» Work task: Every entry is to be copied exactly as written, and the pictures are to be skipped.

» Provided data:
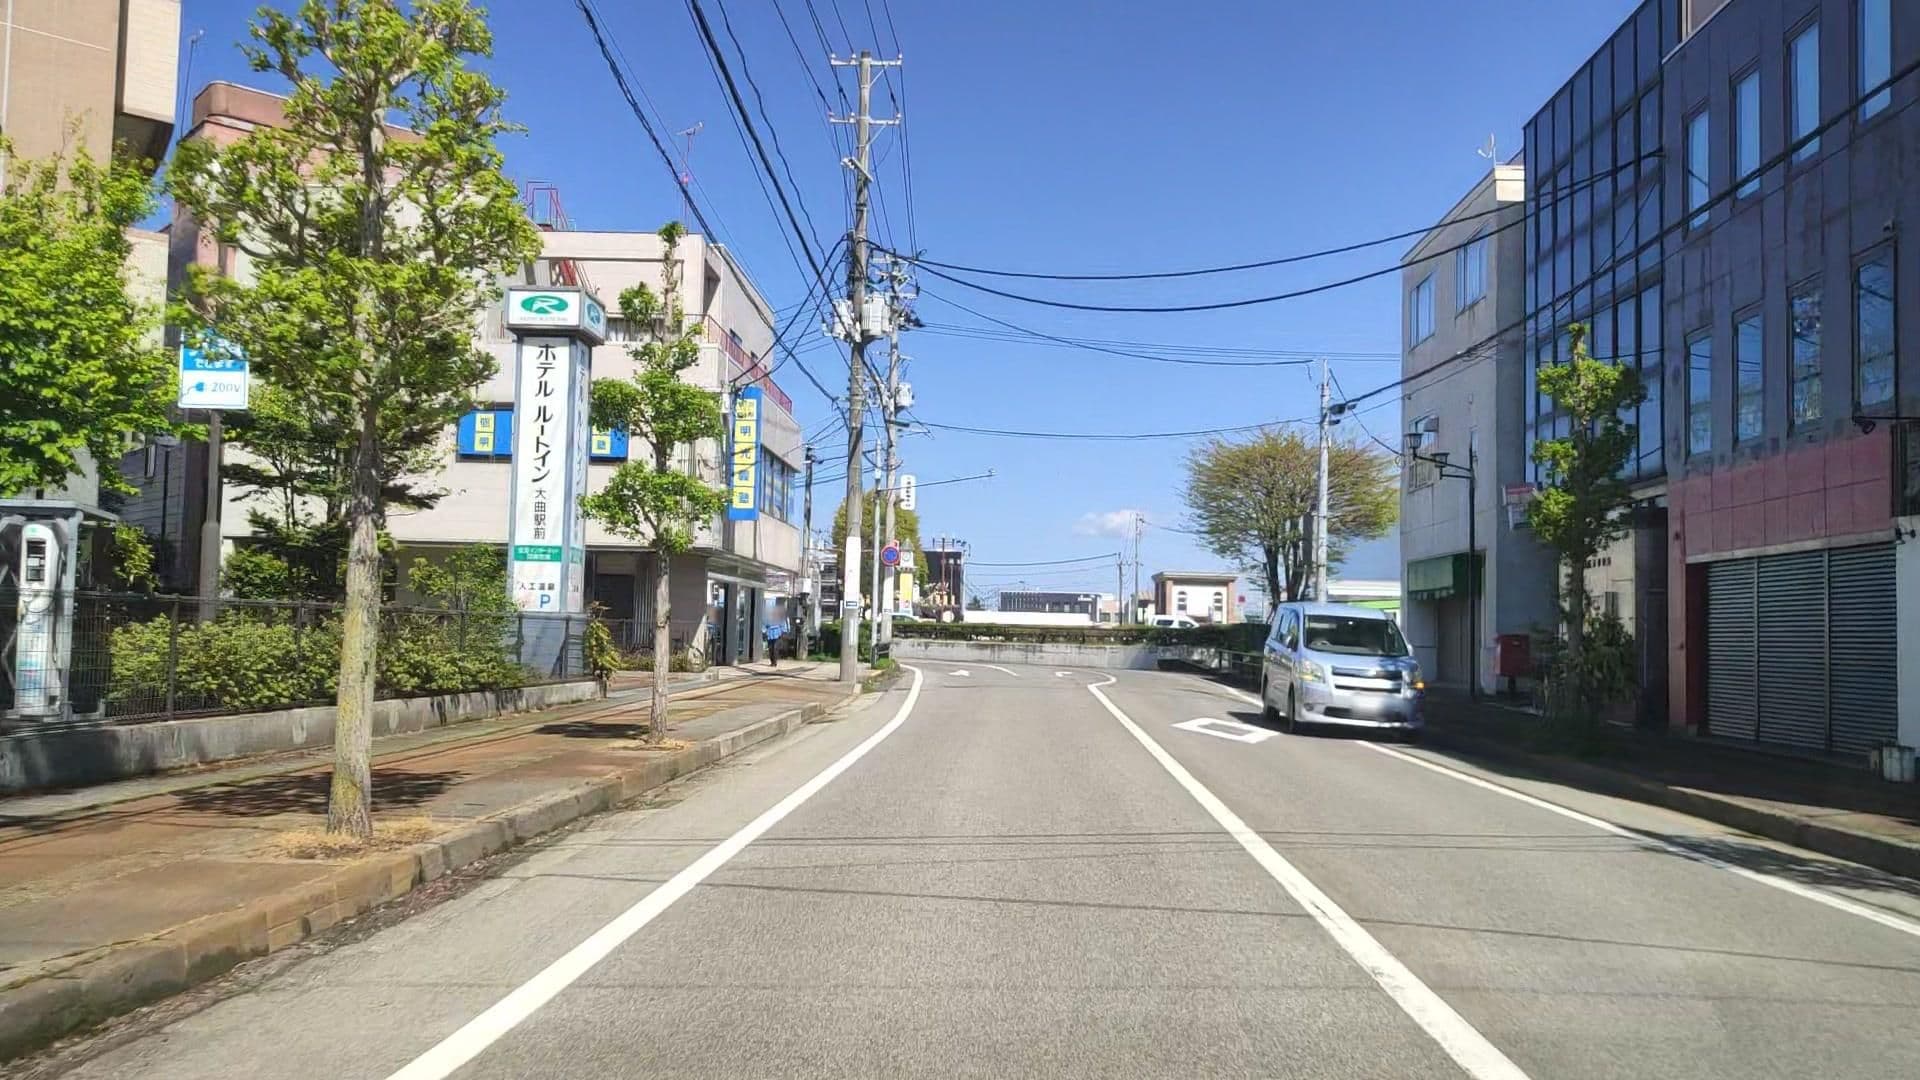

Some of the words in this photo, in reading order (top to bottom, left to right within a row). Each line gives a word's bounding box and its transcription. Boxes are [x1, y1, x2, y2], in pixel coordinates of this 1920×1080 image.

[535, 344, 556, 397] ホテル
[531, 405, 554, 482] ルートイン
[534, 489, 546, 539] 大曲駅前
[540, 594, 551, 608] P

» Answer box:
Some of the words in this photo, in reading order (top to bottom, left to right within a row). Each line gives a word's bounding box and its transcription. Boxes are [x1, y1, x2, y2], in pixel coordinates of this 1920×1080 image.

[535, 344, 556, 397] ホテル
[531, 405, 554, 482] ルートイン
[534, 489, 546, 539] 大曲駅前
[540, 594, 551, 608] P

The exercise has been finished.